I've been using MATLAB a lot in the past year. Many pros and cons with it, but it has definitely had me thinking from a batch update perspective. Saying 'a + b' can be really fast if 'a' and 'b' are both huge matrices. Despite some JIT support, MATLAB is generally quite slow if you want to write your own loops. While I still haven't done any explicit GPGPU programming, I have to imagine that the MATLAB batch/parallel operation mentality would map nicely to GPGPU thinking. I'm fairly excited about the whole OpenCL thing coming up. I like small computers rather than supercomputers, but I don't mind making more efficient use of them.
Anyway, while I've sort of gotten into the groove, I'm actually interested in a much fancier form of parallel computing. See my second bullet point here (on bubbling up). This has some relationships to the whole MapReduce concept, too, but I tend to imagine it fancier than that. The scheduler (or metathinker) becomes much more sophisticated, so it can handle the most important things first.

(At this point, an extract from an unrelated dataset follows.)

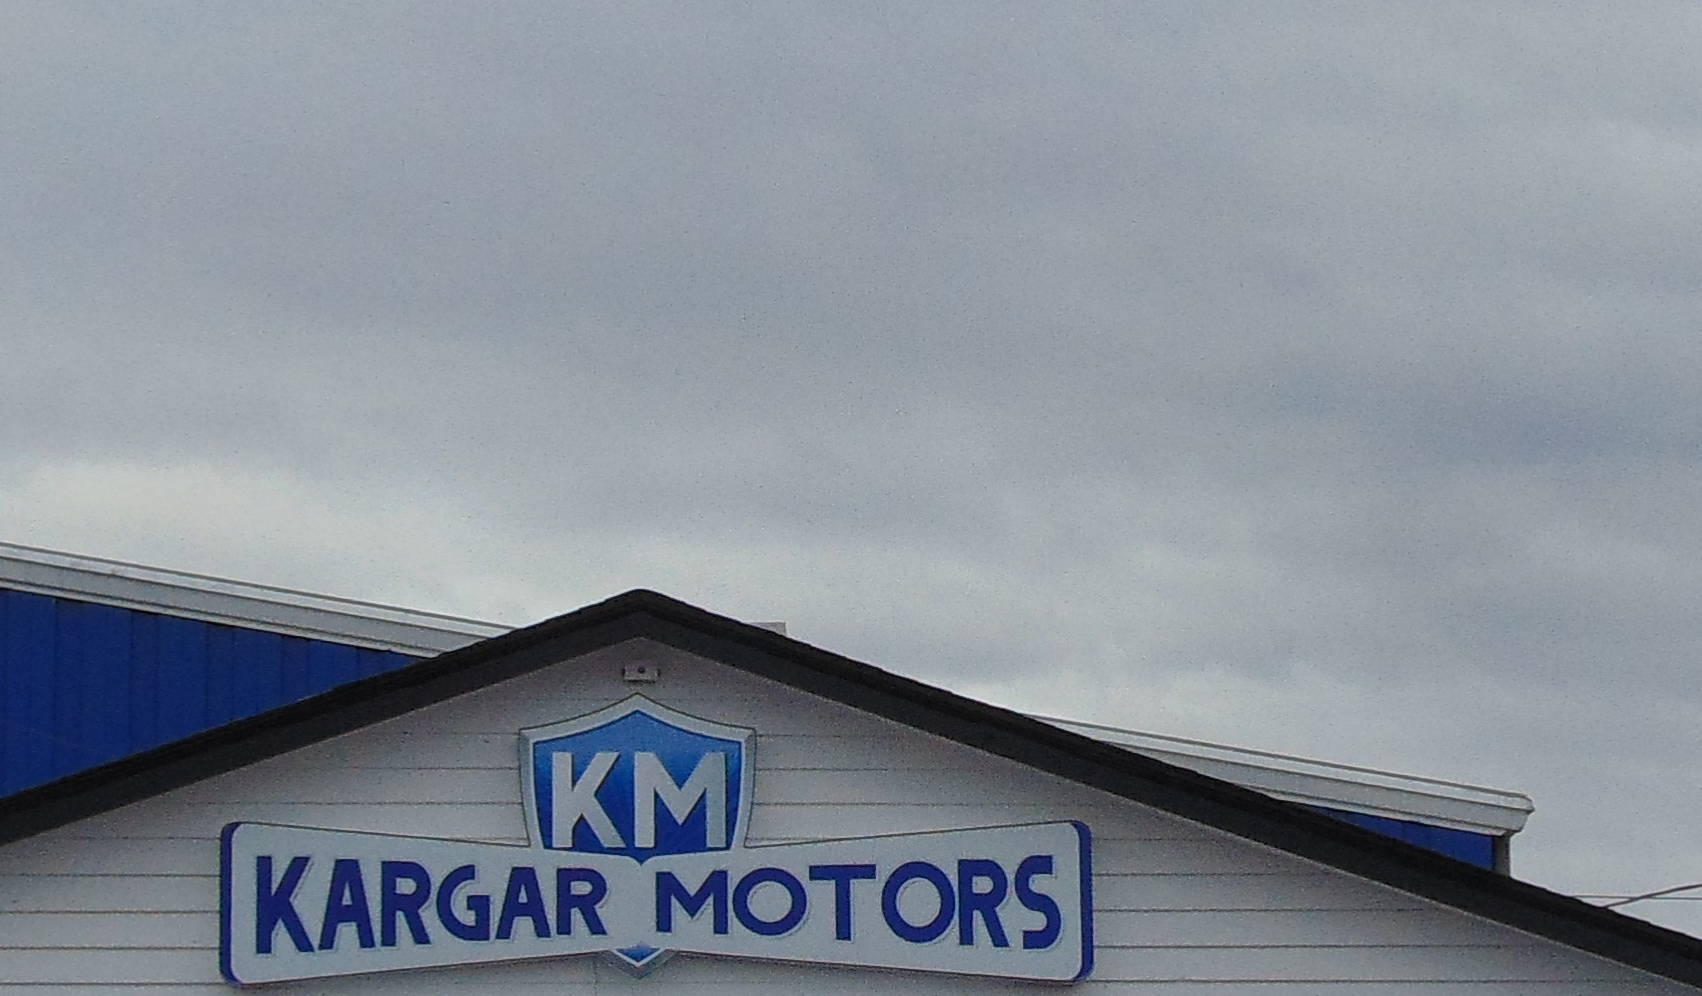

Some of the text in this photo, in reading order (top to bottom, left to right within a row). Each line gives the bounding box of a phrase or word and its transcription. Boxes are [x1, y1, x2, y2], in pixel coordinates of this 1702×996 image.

[551, 751, 728, 849] KM
[255, 854, 1063, 954] KARGAR MOTORS

For example, I might want to add the elements in matrix 'a' and 'b', but maybe I care more about some of the results than others. And maybe I want to use those results in a later operation, say '(a + b) * c'. And I might have different tasks going on at the same time with dynamically adjustable priorities. And there might be different ways of getting to the same answer. A map might tell me where to go when I'm driving, but if I'm close enough, maybe I can look out and see where I need to go. Whatever data is available should also drive the later steps.
So we need a way to assess the value of single components of the operation and a way to execute the most important parts at all levels in parallel, such that the most important operations are getting done first. I haven't worked out all the details, but I know what I want it to look like. For example, I should be able to say '(a + b) * c' or much fancier programs and have it all just work prioritized and parallel in batch form. The priorities would have to be registered somehow, too, but perhaps separately from the algorithm chaining.
The ability to label intermediate computations for reuse at various steps could also be nice.
I think this concept isn't far off from the parallel and concurrency frameworks being built today. It's also not far off from current autoparallelization features today in systems like MATLAB and Fortress, but none of these have the same level of sophistication in dynamical scheduling that I want to see.
My current name for such a system is a "prioritized reduction engine". This is somewhere in between algorithms (iterative/online algorithms specifically) and parallel computing. Maybe I can find things in the literature about it. Sometimes it's hard to know the right words to use when searching.
Side thought I had while writing this: I wonder if there's ever any chance of getting GPGPU-powered math engines into web browsers. I guess I can dream.